◆ Work task
I'd like the entries that follow repeated exactly, with the pictures left out.

◆ Records
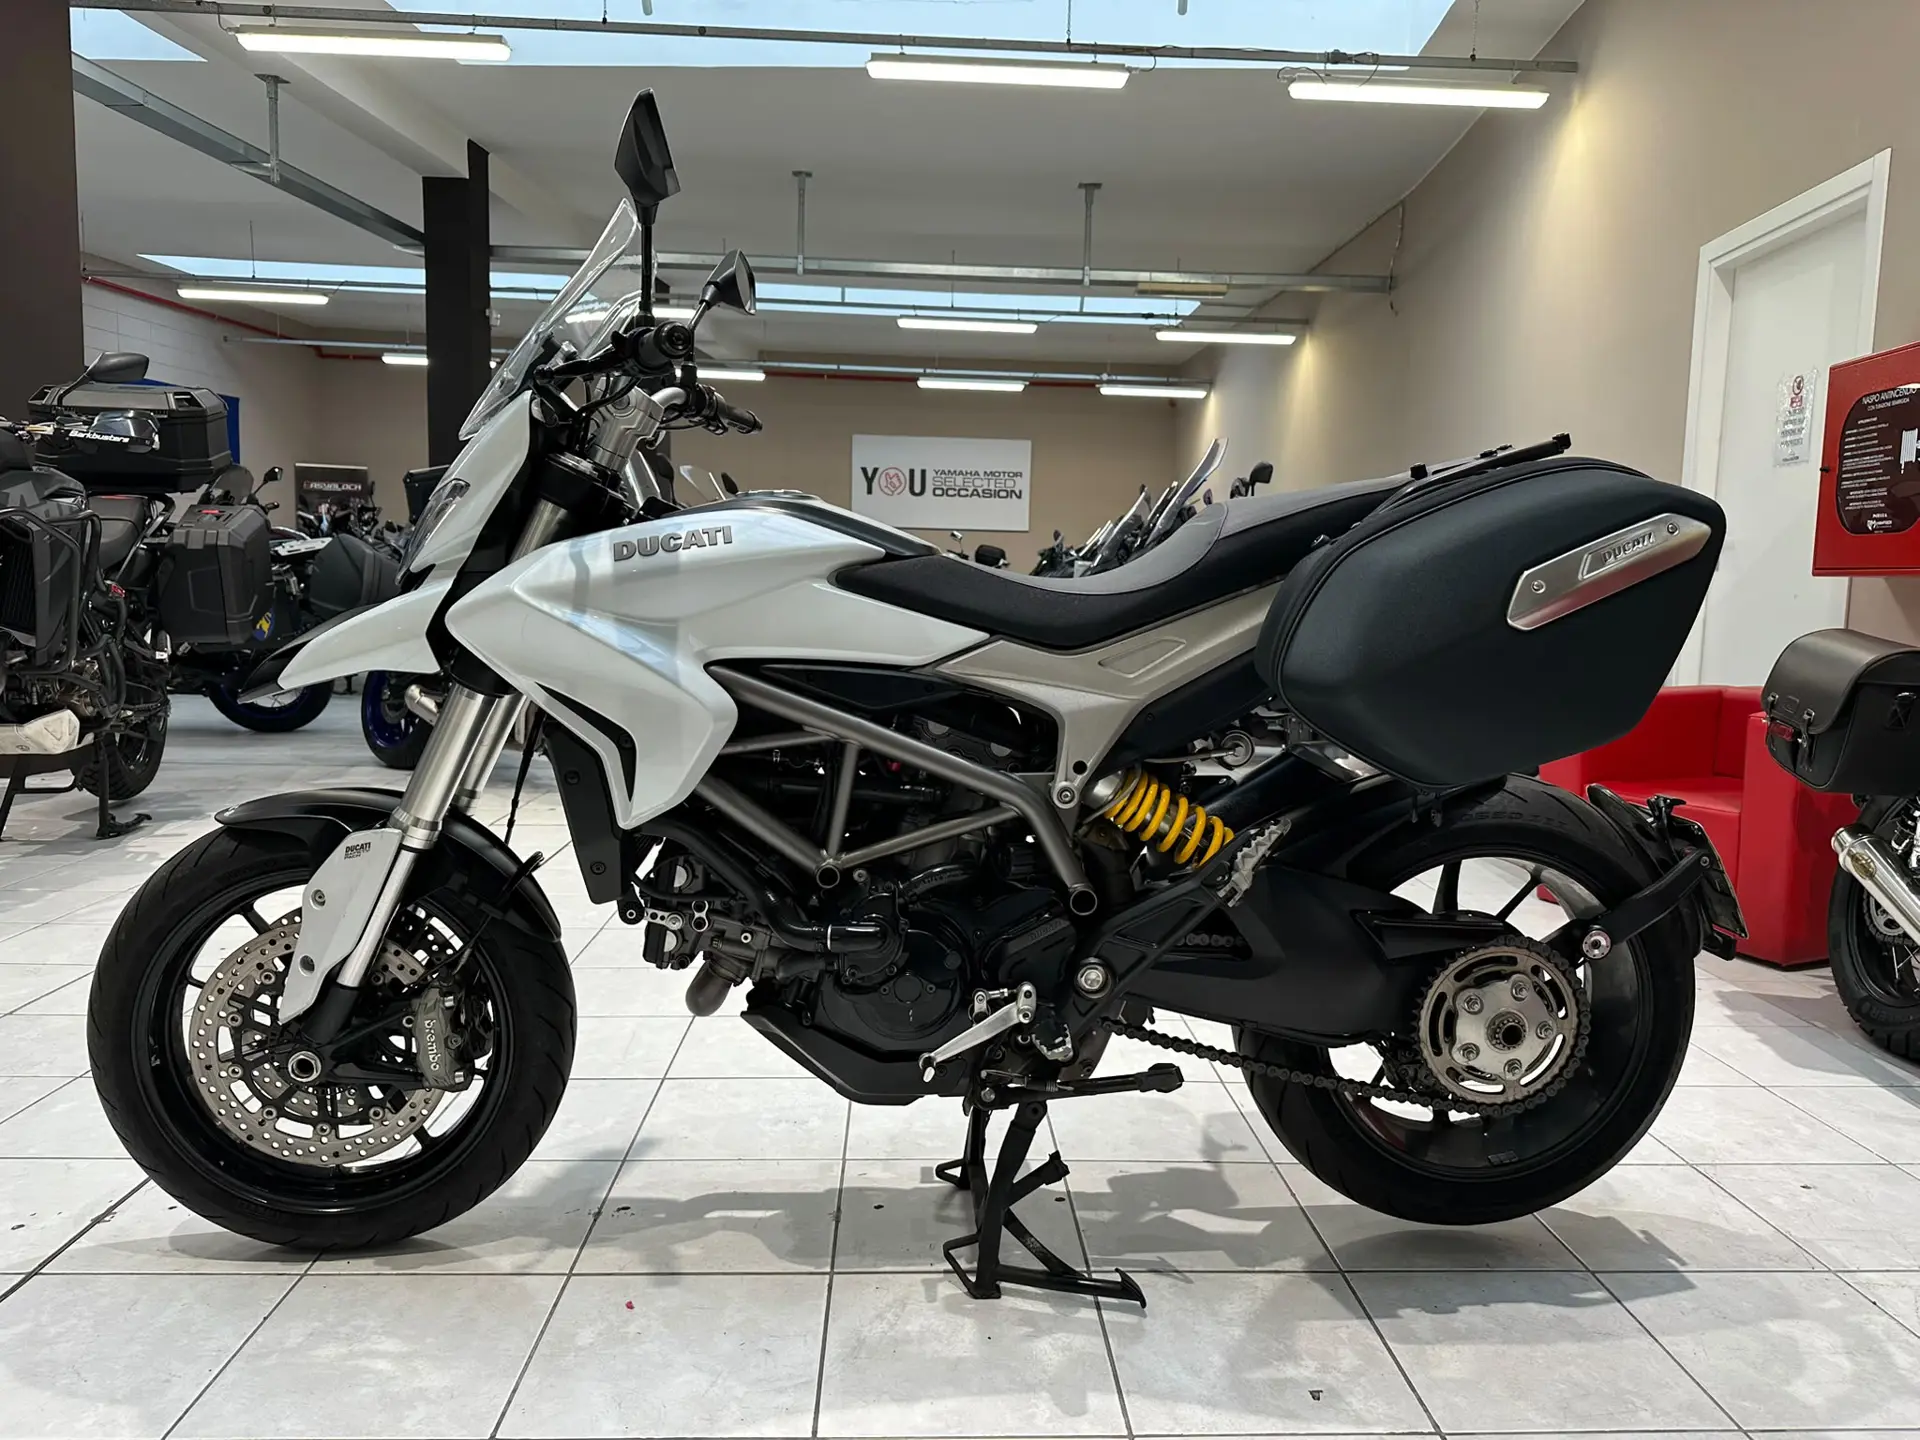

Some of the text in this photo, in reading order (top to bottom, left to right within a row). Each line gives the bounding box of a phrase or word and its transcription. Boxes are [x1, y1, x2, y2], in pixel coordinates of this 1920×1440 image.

[68, 429, 130, 443] Barkbusters
[933, 468, 1023, 478] YAMAHA MOTOR
[932, 477, 1016, 489] SELECTED
[932, 487, 1023, 499] OCCASION
[613, 525, 733, 562] DUCATI
[1602, 531, 1655, 565] DUCATI
[345, 841, 371, 853] DUCATI
[424, 1019, 441, 1071] brembo

◆ Solution to the exercise
Some of the text in this photo, in reading order (top to bottom, left to right within a row). Each line gives the bounding box of a phrase or word and its transcription. Boxes are [x1, y1, x2, y2], in pixel coordinates of this 1920×1440 image.

[68, 429, 130, 443] Barkbusters
[933, 468, 1023, 478] YAMAHA MOTOR
[932, 477, 1016, 489] SELECTED
[932, 487, 1023, 499] OCCASION
[613, 525, 733, 562] DUCATI
[1602, 531, 1655, 565] DUCATI
[345, 841, 371, 853] DUCATI
[424, 1019, 441, 1071] brembo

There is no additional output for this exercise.